The full set of entries below, restated word for word and stripped of images, is the expected result.

Top of PROVIDED RECORDS

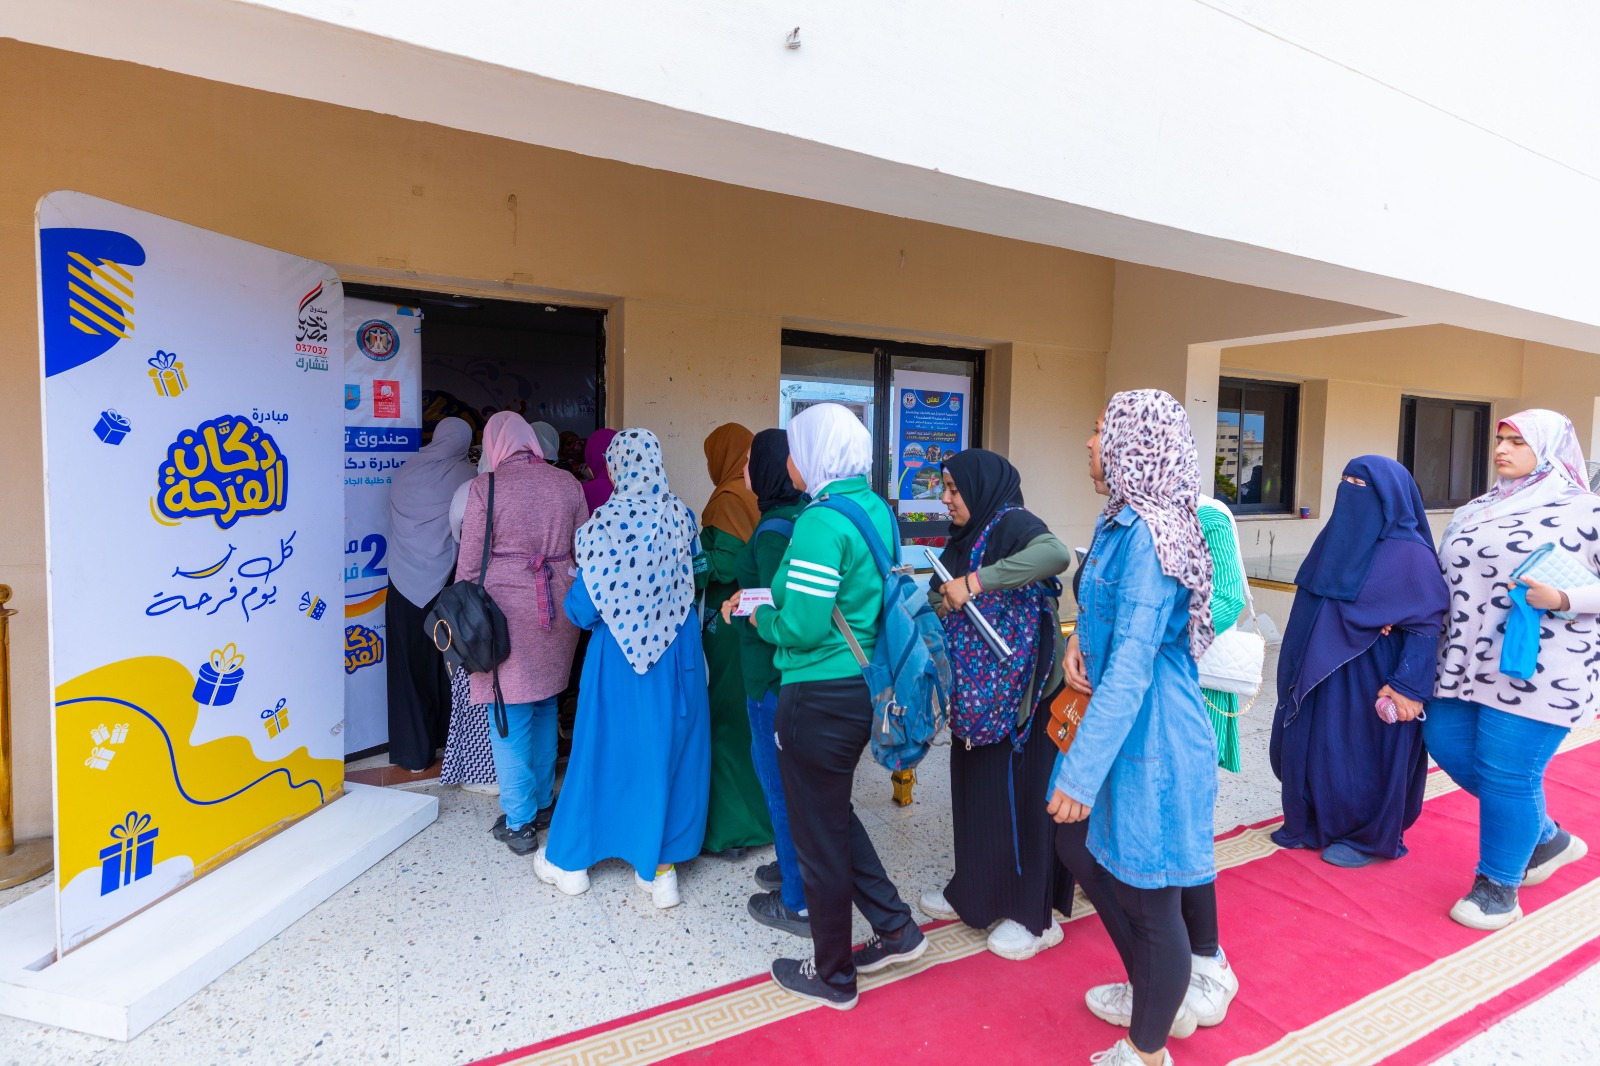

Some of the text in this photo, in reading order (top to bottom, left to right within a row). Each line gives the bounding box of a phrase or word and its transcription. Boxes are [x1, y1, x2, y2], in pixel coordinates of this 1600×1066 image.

[295, 343, 328, 355] 037037
[295, 357, 329, 373] نتشارك
[252, 408, 289, 424] مبادرة
[354, 431, 409, 448] صندوق
[361, 533, 388, 579] 2
[145, 577, 278, 623] يوم فرحة
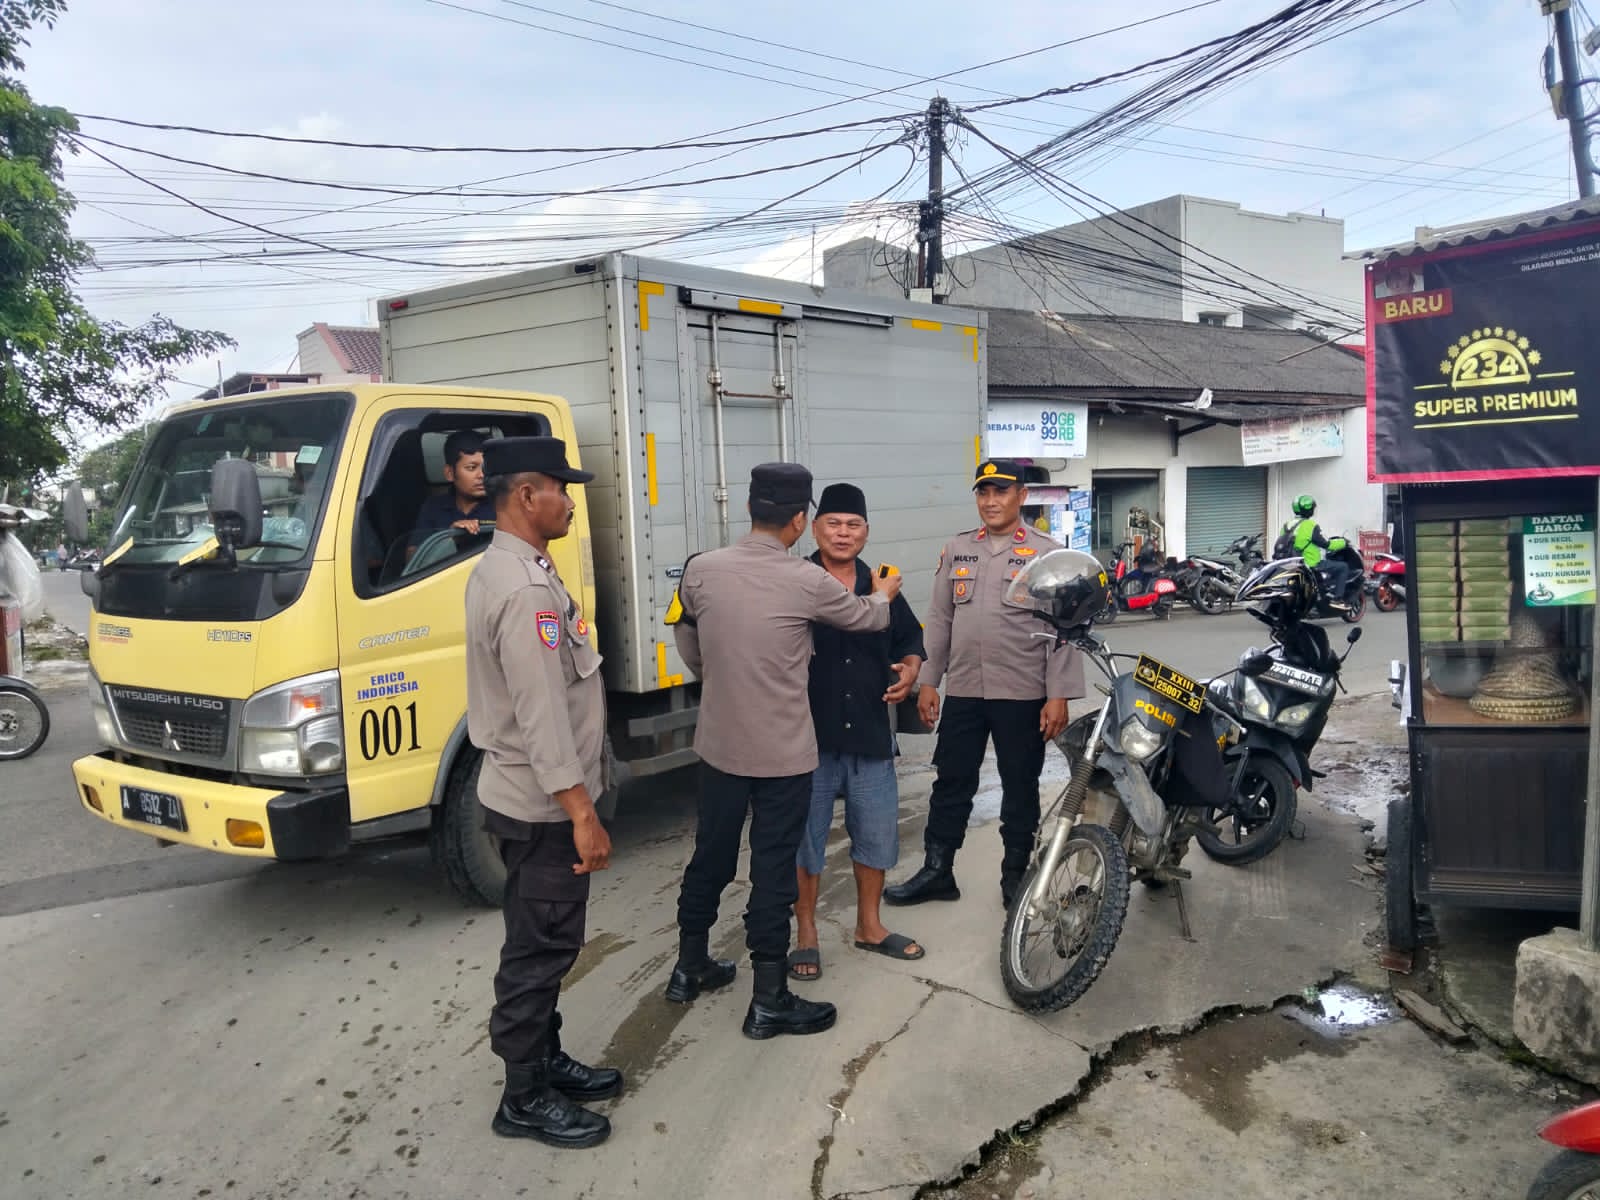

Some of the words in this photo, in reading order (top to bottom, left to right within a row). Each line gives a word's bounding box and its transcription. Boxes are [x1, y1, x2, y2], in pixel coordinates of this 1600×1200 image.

[1384, 293, 1443, 319] BARU
[1460, 350, 1519, 380] 234
[1414, 396, 1478, 418] SUPER
[1482, 388, 1578, 413] PREMIUM
[1532, 514, 1585, 525] DAFTAR
[1535, 523, 1582, 533] HARGA
[953, 555, 979, 563] MULYO
[359, 625, 430, 649] CANTER
[370, 671, 405, 686] ERICO
[1170, 671, 1195, 692] XXIII
[113, 689, 181, 705] MITSUBISHI
[184, 697, 224, 710] FUSO
[357, 681, 419, 700] INDONESIA
[1156, 680, 1182, 699] 25007
[1135, 699, 1176, 728] POLISI
[360, 700, 422, 761] 001
[123, 788, 130, 809] A
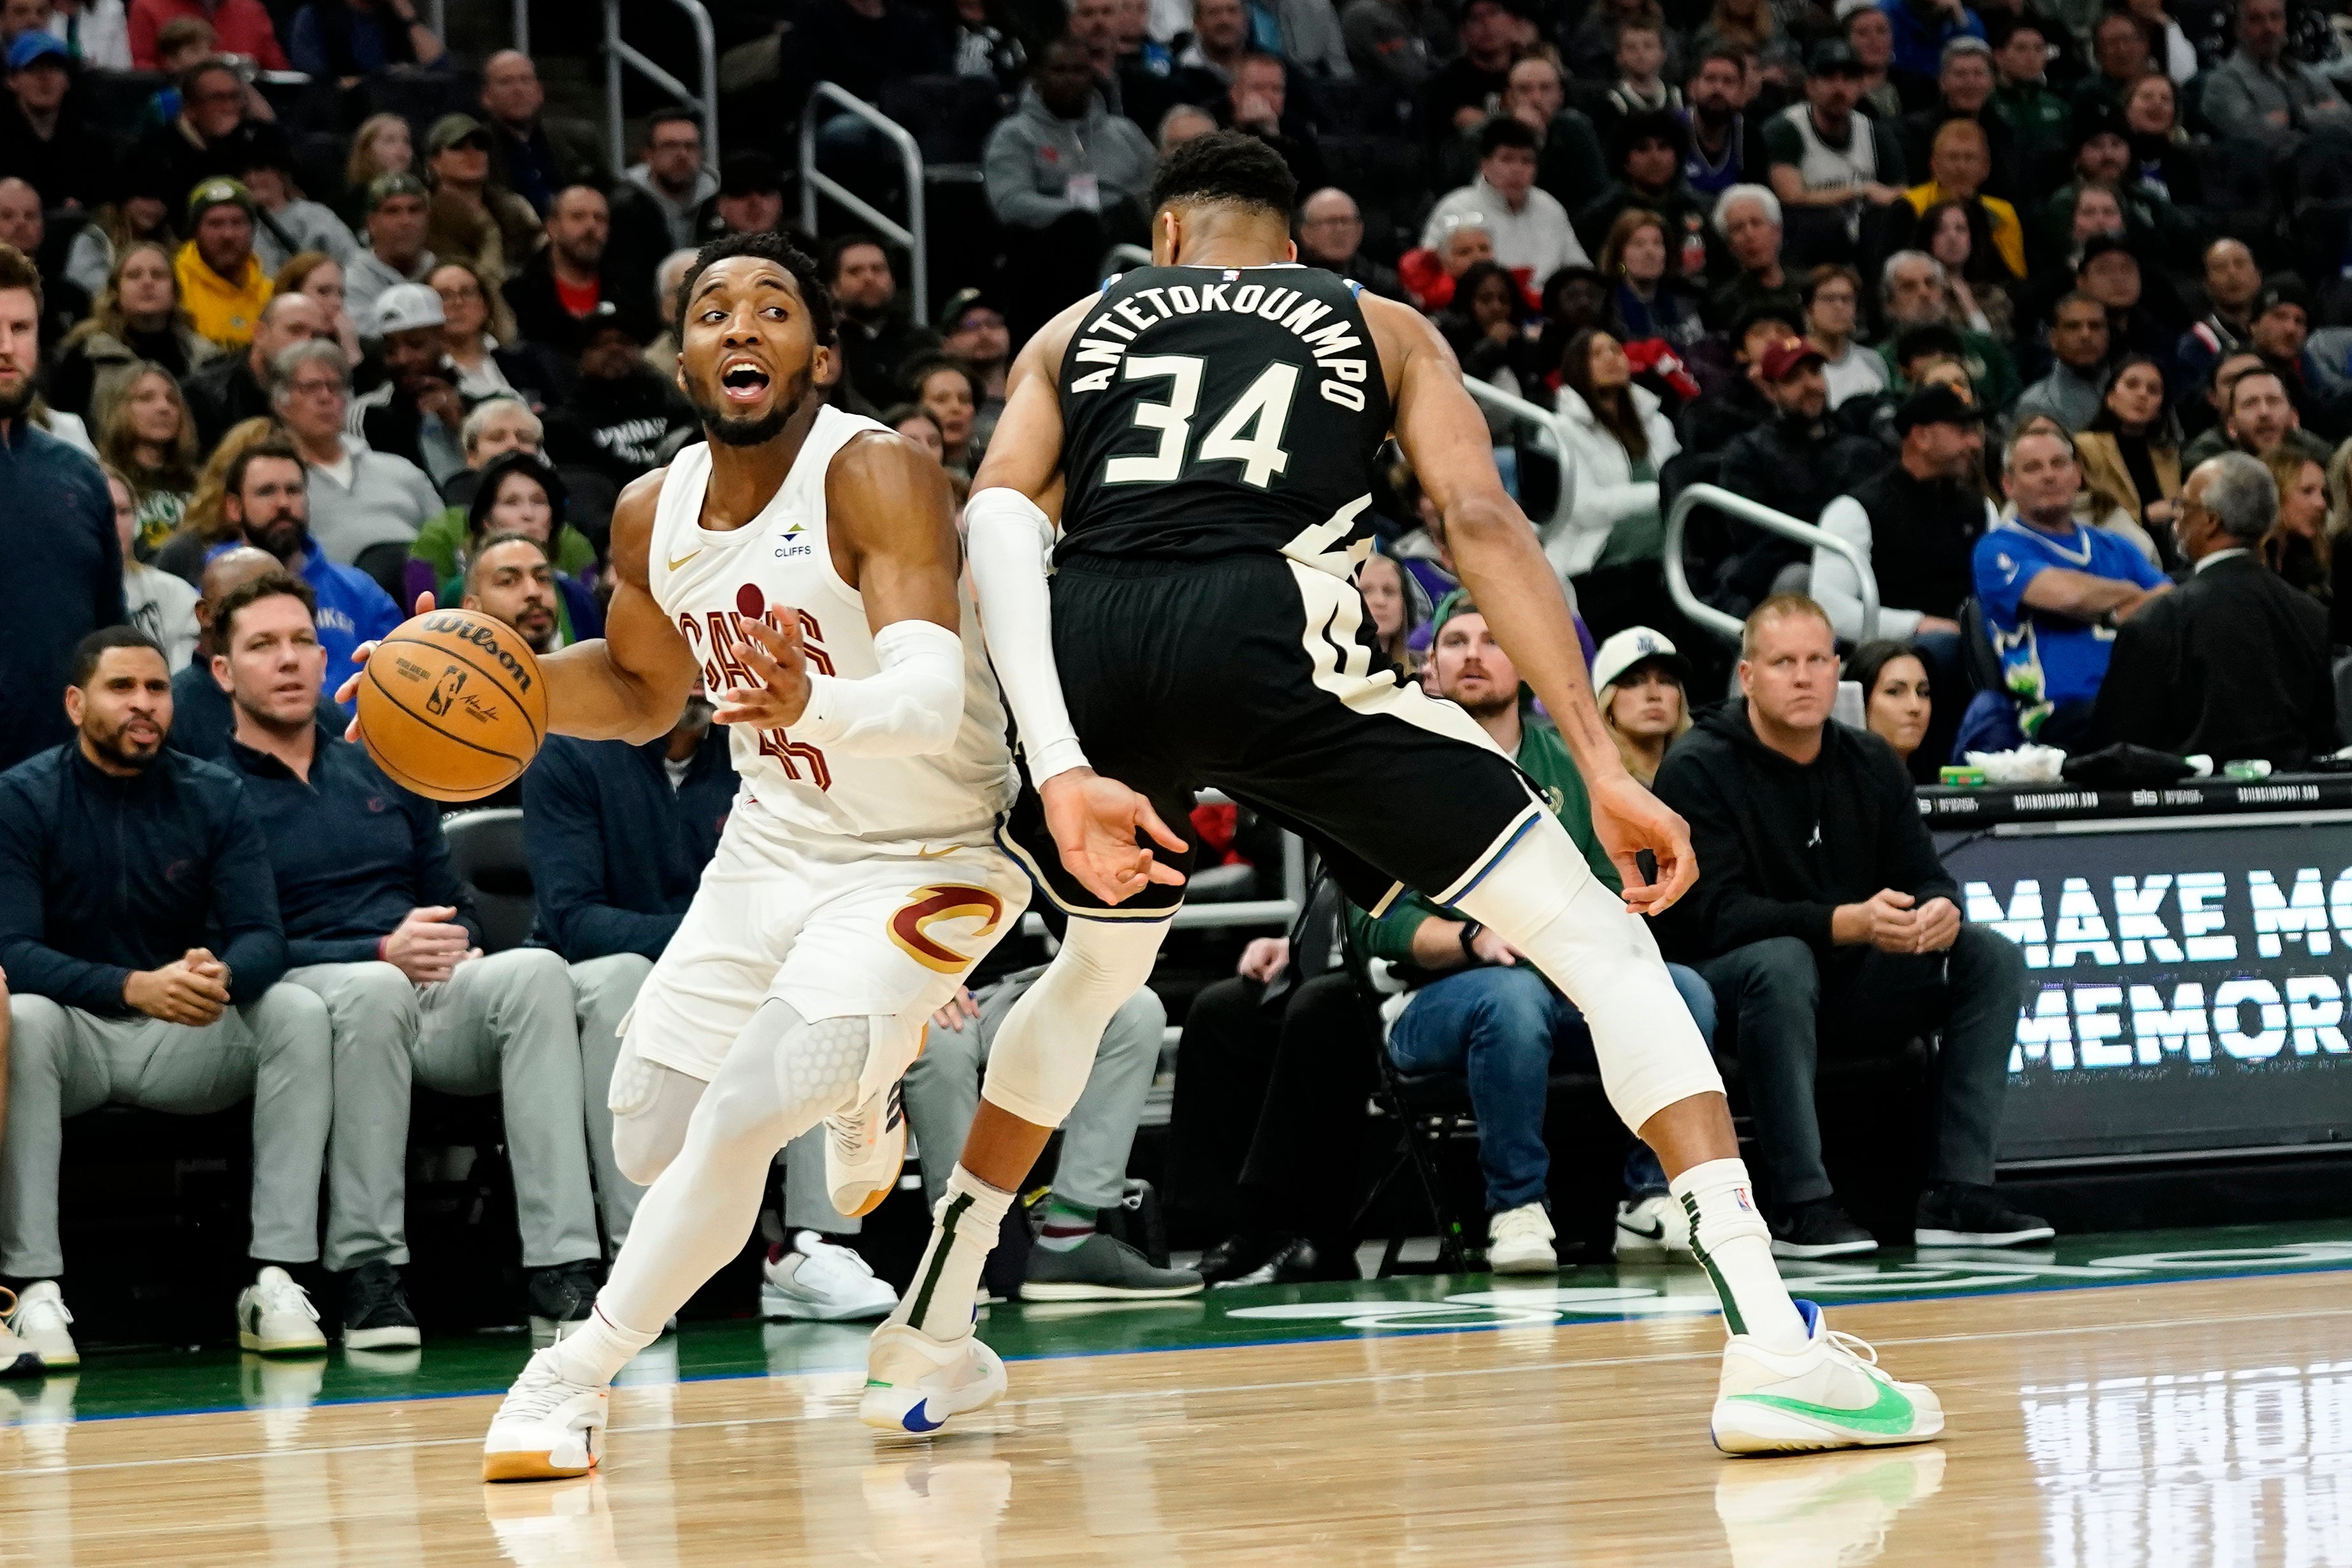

Bottom of PROVIDED RECORDS

** EXERCISE OUTPUT **
Some of the text in this photo, in reading order (top to bottom, left to right within a row). Each line gives the bounding box of a phrase or word and its transcription. Boxes are [x1, y1, x2, y2], in pixel coordinates of this 1600×1066 image.

[295, 343, 328, 355] 037037
[295, 357, 329, 373] نتشارك
[252, 408, 289, 424] مبادرة
[354, 431, 409, 448] صندوق
[361, 533, 388, 579] 2
[145, 577, 278, 623] يوم فرحة

Some of the words in this photo, in reading order (top to bottom, left to right within a row). Each line gives a word's bounding box and its transcription. Boxes are [x1, y1, x2, y2], in pixel coordinates of this 1600×1200 image.

[1384, 293, 1443, 319] BARU
[1460, 350, 1519, 380] 234
[1414, 396, 1478, 418] SUPER
[1482, 388, 1578, 413] PREMIUM
[1532, 514, 1585, 525] DAFTAR
[1535, 523, 1582, 533] HARGA
[953, 555, 979, 563] MULYO
[359, 625, 430, 649] CANTER
[370, 671, 405, 686] ERICO
[1170, 671, 1195, 692] XXIII
[113, 689, 181, 705] MITSUBISHI
[184, 697, 224, 710] FUSO
[357, 681, 419, 700] INDONESIA
[1156, 680, 1182, 699] 25007
[1135, 699, 1176, 728] POLISI
[360, 700, 422, 761] 001
[123, 788, 130, 809] A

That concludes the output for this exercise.